L’écrivain tchèque Milan Kundera écrivit ceci à propos de Leoš Janáček (1854-1928) : « Si Janáček était mort à 50 ans, il serait aujourd’hui une note de bas de page dans l’histoire. » En effet, le compositeur mit plusieurs décennies à développer son langage et ne composa ses meilleures œuvres que dans les vingt dernières années de sa vie. Il était particulièrement motivé par la reconnaissance publique de son travail, mais c’est aussi sa passion pour Kamila Stösslová, de quarante ans sa cadette, qui nourrit son inspiration à partir de 1917.
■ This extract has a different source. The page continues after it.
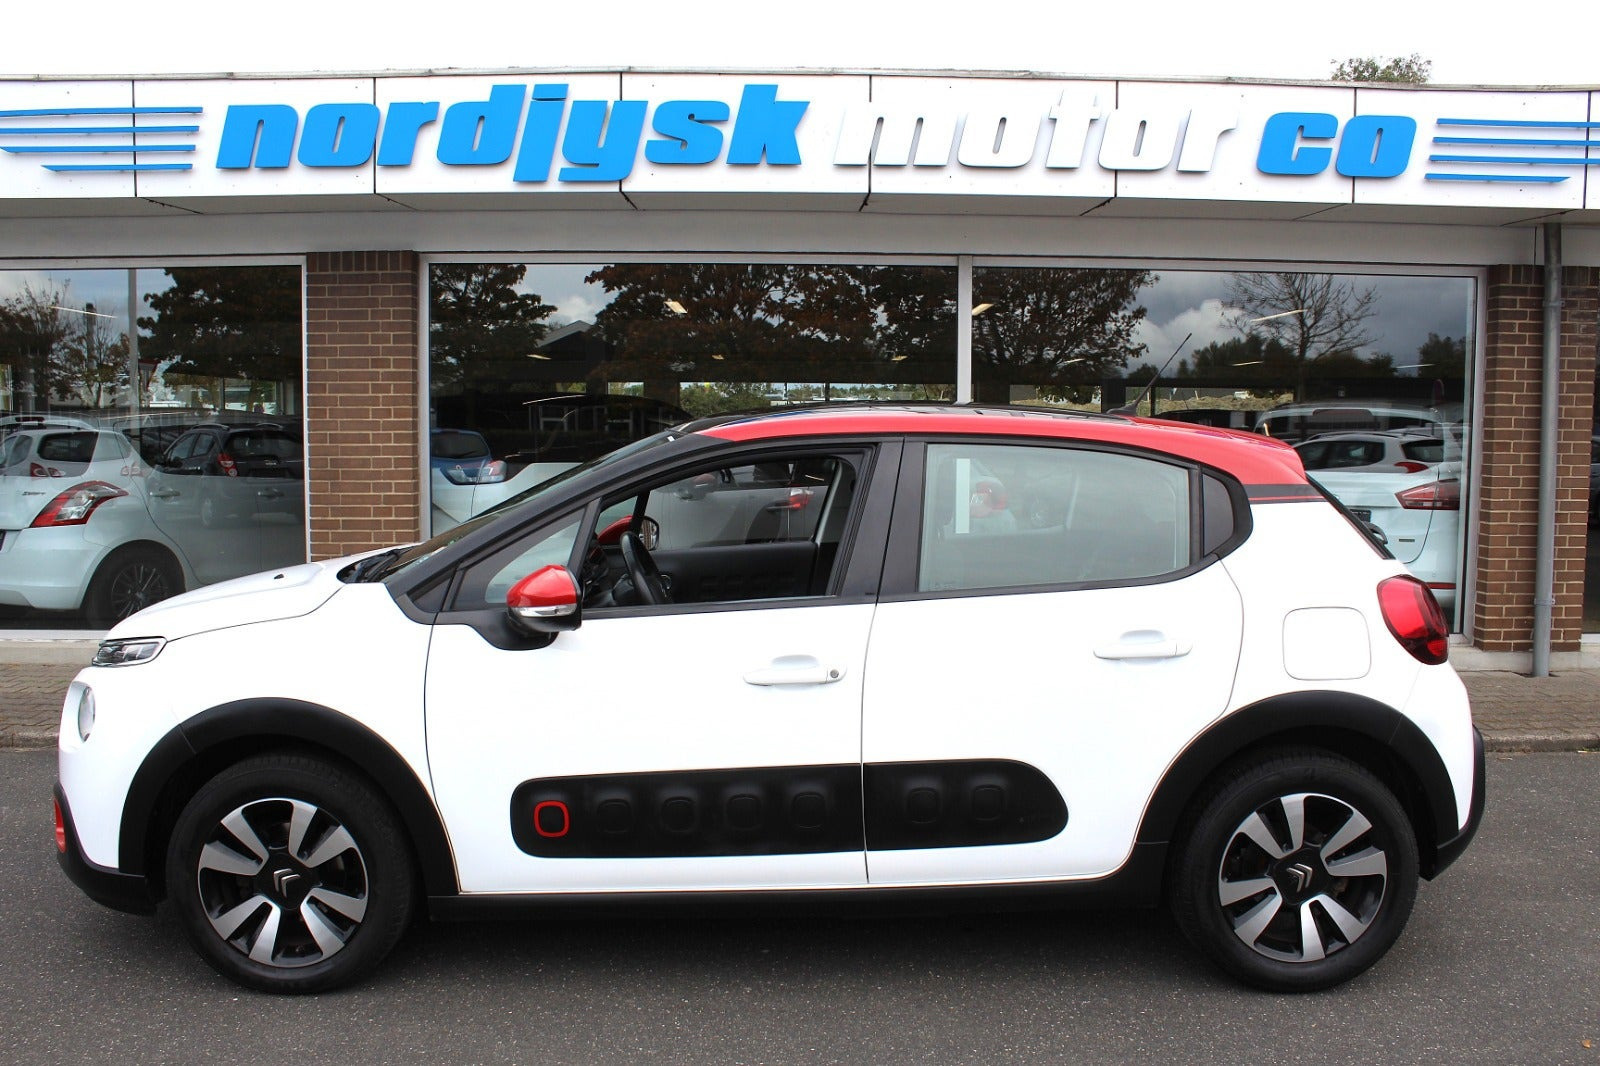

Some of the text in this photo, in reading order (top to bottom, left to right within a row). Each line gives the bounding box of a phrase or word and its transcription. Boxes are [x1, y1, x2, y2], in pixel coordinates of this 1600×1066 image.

[215, 83, 1416, 183] nordjysk motor co
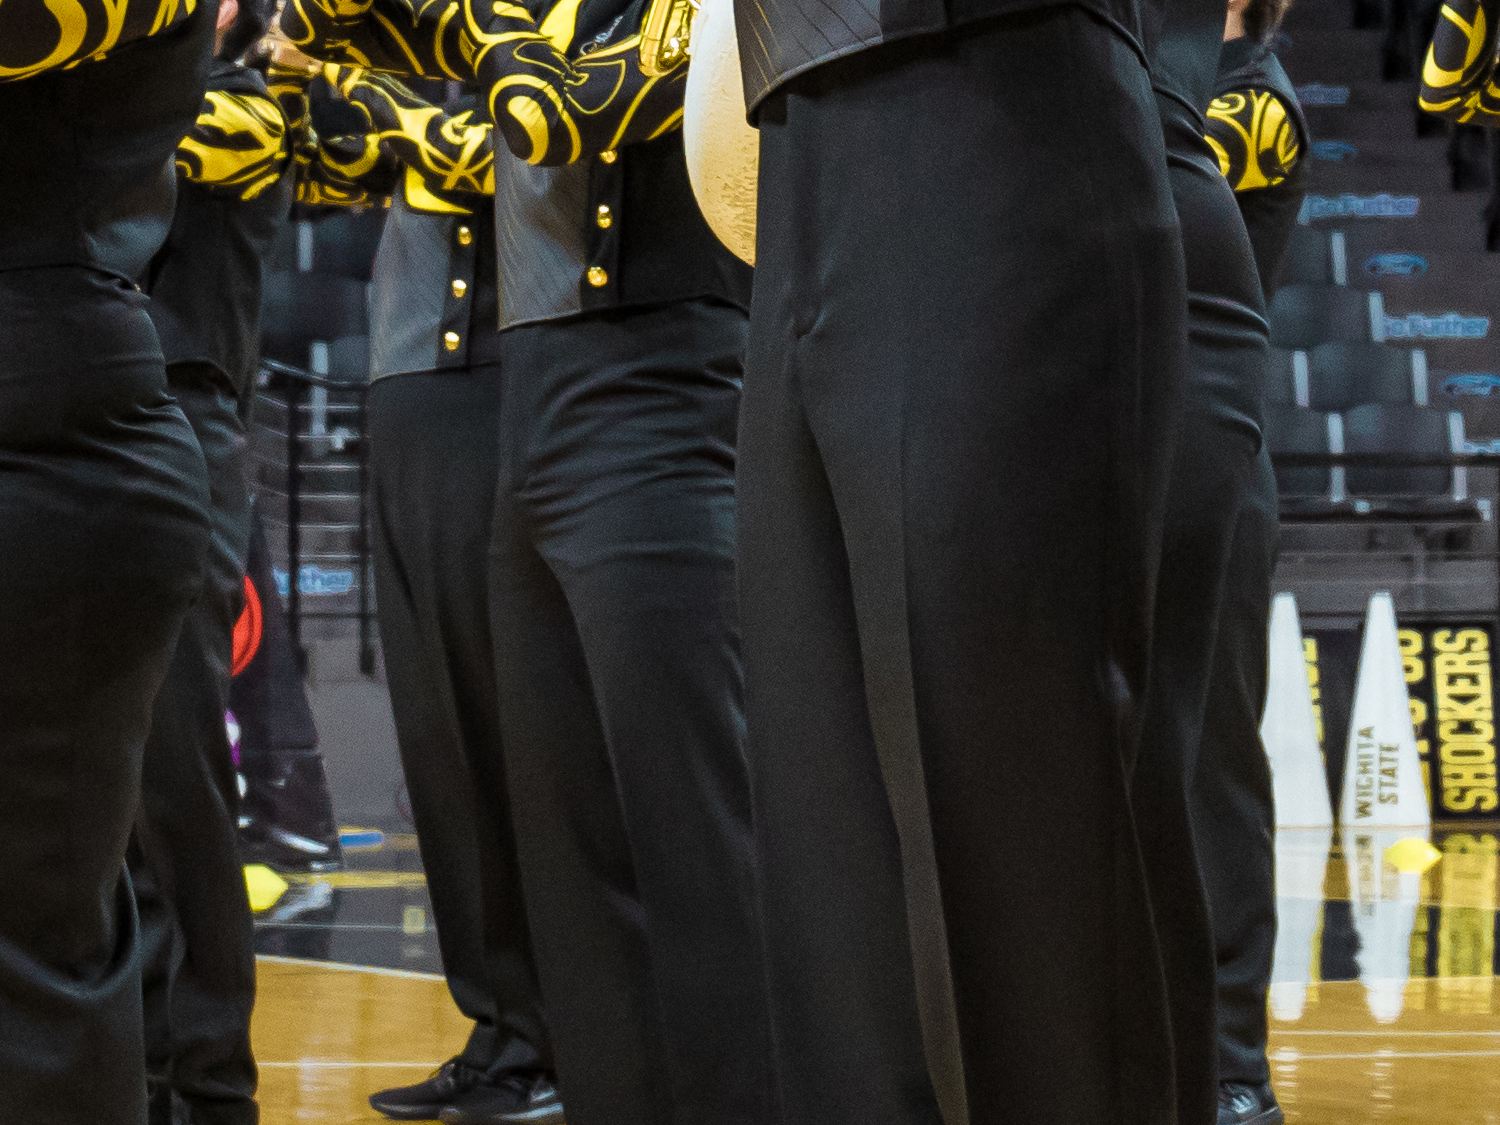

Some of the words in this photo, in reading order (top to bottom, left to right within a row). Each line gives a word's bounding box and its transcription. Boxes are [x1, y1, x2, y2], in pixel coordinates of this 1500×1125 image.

L’envie d’innover qui caractérise les œuvres tardives de Janáček est également à mettre en lien avec la fascination du compositeur tchèque pour la musique et la langue de son pays. L’histoire raconte qu’il transcrivait les conversations qu’il entendait autour de lui dans les cafés et autres lieux publics, convaincu que les mélodies qui en résultaient pouvaient donner une idée de l’état d’esprit du locuteur : « Les inflexions du langage parlé montrent si la personne est folle ou sage, endormie ou éveillée, fatiguée ou alerte. » À partir de 1897, il travailla à une théorie des chants parlés, s’efforçant de produire une représentation aussi exacte que possible de la vitesse, de la hauteur, de l’intonation et du rythme du langage parlé. Dans sa musique, les mélodies ne suivent pas seulement les lignes ascendantes et descendantes et les phrases courtes et irrégulières de la langue ; elles permettent également de caractériser les personnages.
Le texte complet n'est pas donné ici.